Dans le cadre d'une procédure de comparution sur reconnaissance préalable de culpabilité, le Tribunal de Grande Instance de Créteil a rendu le 21 janvier 2010 une ordonnance homologuant les peines proposées par le Procureur de la République à l'encontre du Crédit Foncier de France pour des faits constitutifs des délits de pratiques commerciales trompeuses et de tromperie commis entre le 1er juin 2005 et le 31 décembre 2007 à l'occasion de la commercialisation de certains types de prêts immobiliers.
Outre, une plainte de l'association UFC-Que Choisir déposée le 18 janvier 2008 à l'encontre de cet établissement et dénonçant les pratiques trompeuses mises en œuvre par le Crédit Foncier de France pour la commercialisation d'un certain nombre de prêts immobiliers à taux variable, le parquet de Créteil a également été saisi d'un procés-verbal, transmis par l'UDCCRF du Val de Marne en date du 27 janvier 2009, établissant l'existence d'un délit de tromperie sur les qualités substantielles de certains prêts immobiliers à taux variable proposés aux consommateurs entre 2003 et 2007.
Ce procès-verbal a été rédigéà partir des constatations effectuées dans le cadre des enquêtes menées par différentes unités départementales, au cours de l'année 2008, à la suite des plaintes déposées auprès des services par plus d'une centaine de consommateurs qui s'estimaient lésés par l'absence de mécanisme de sécurisation des taux d'intérêt de leurs prêts, dont l'existence leur avait pourtant été garantie par le Crédit Foncier de France.
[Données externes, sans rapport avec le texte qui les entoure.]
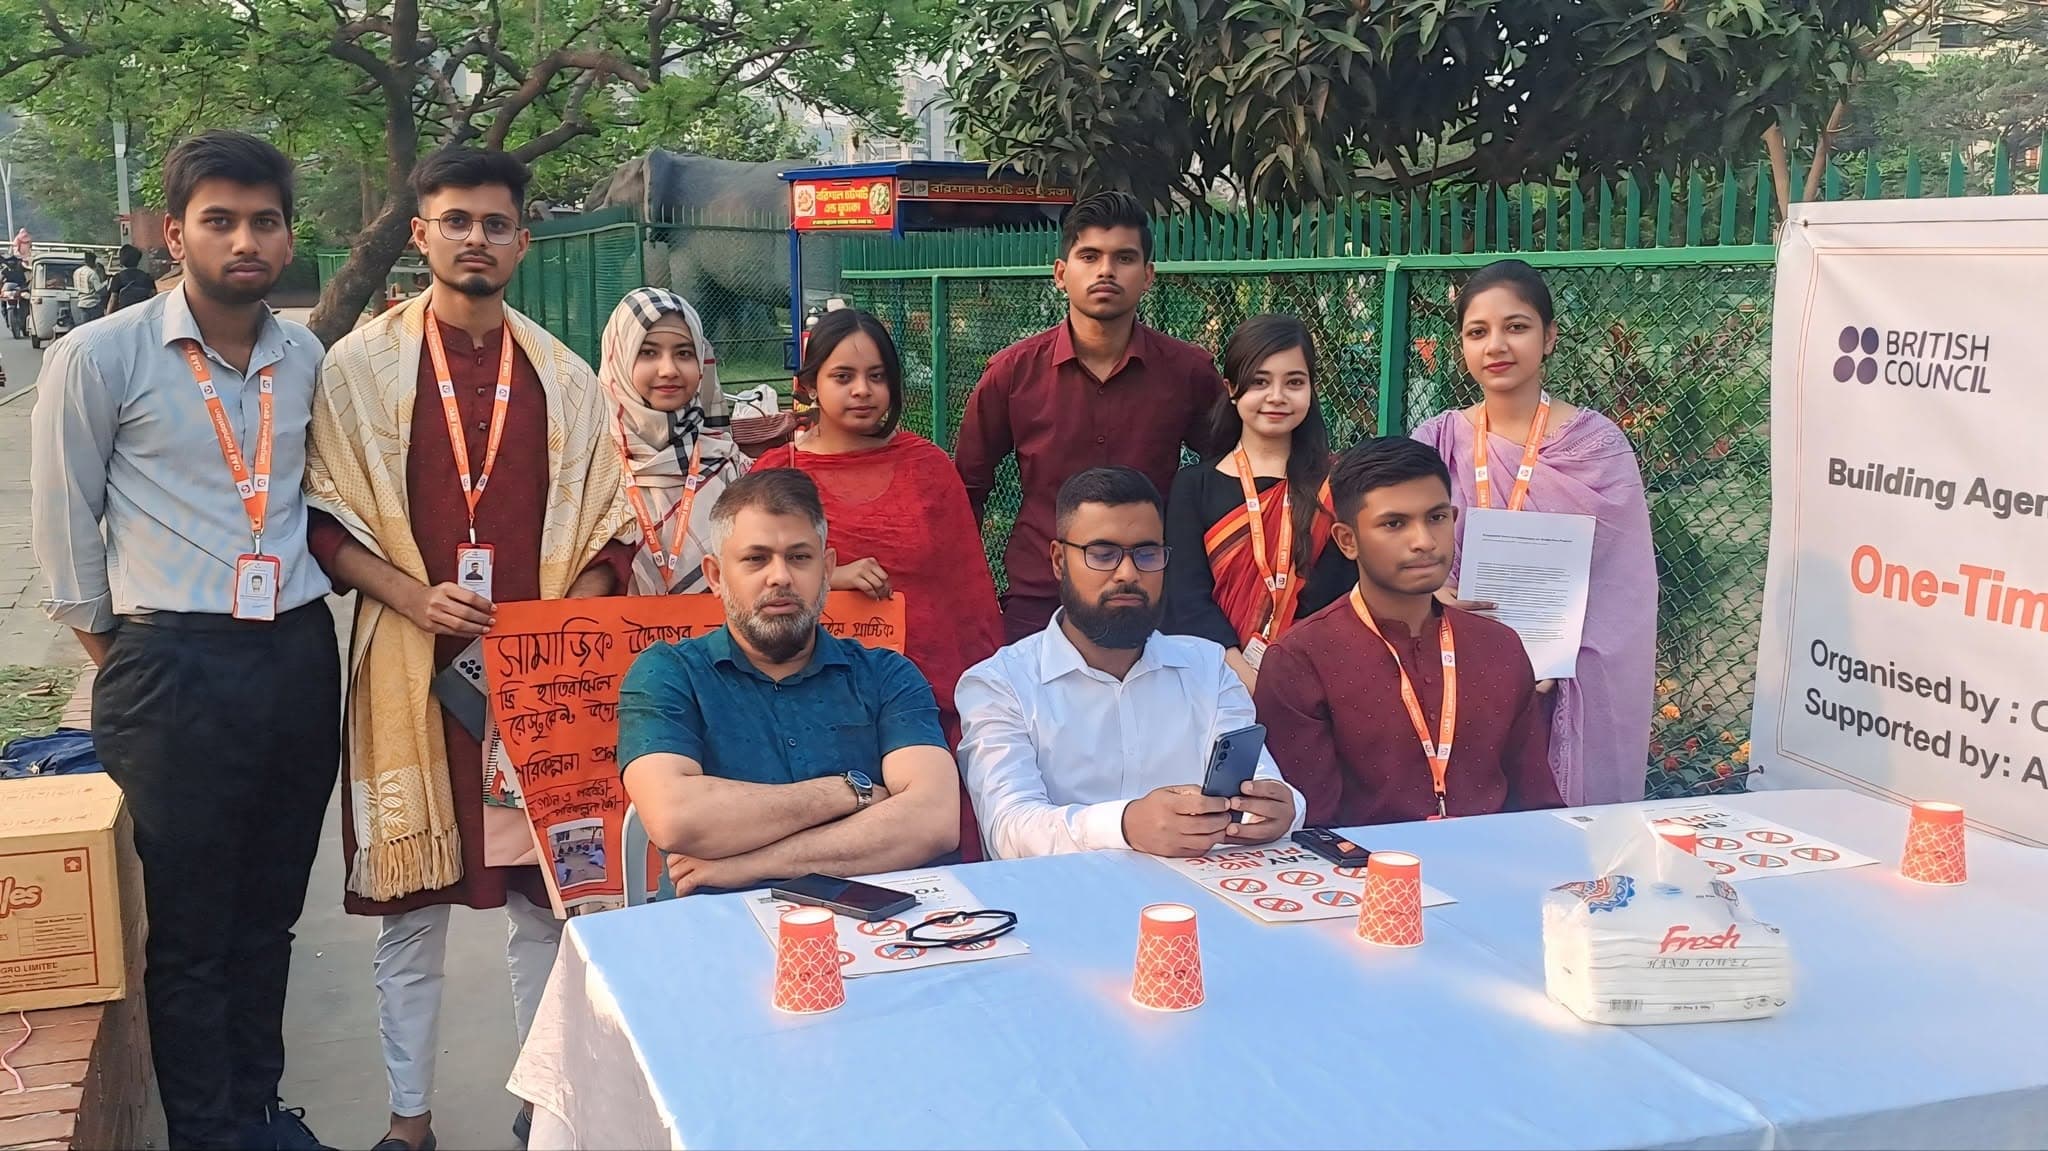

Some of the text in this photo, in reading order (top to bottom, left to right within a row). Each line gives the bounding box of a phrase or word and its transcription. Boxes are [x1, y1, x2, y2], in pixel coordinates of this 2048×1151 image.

[930, 182, 974, 194] বরিশাল
[1886, 330, 1990, 362] BRITISH
[1884, 359, 1992, 394] COUNCIL
[214, 407, 242, 472] OAB Foundation
[259, 420, 270, 464] Foundation
[1828, 457, 1957, 511] Building
[486, 616, 613, 677] সামাজিক
[530, 670, 618, 706] হাতিরঝিল
[1810, 638, 1953, 705] Organised
[1960, 678, 2000, 724] by
[1805, 687, 1951, 760] Supported
[1959, 732, 2010, 781] by:
[1270, 854, 1320, 866] SAY
[1659, 923, 1741, 954] Fresh
[1647, 958, 1689, 969] HAND
L'amende délictuelle au paiement de laquelle est condamné le Crédit Foncier de France s'élève à 50 000 euros.
En outre, le Crédit Foncier de France est condamnéà verser 10 000 euros à l'UFC-Que Choisir qui s'est constituée partie civile et qui, par ailleurs, est partie prenante du protocole d'accord conclu avec l'établissement financier pour la renégociation des prêts litigieux conclus par les consommateurs.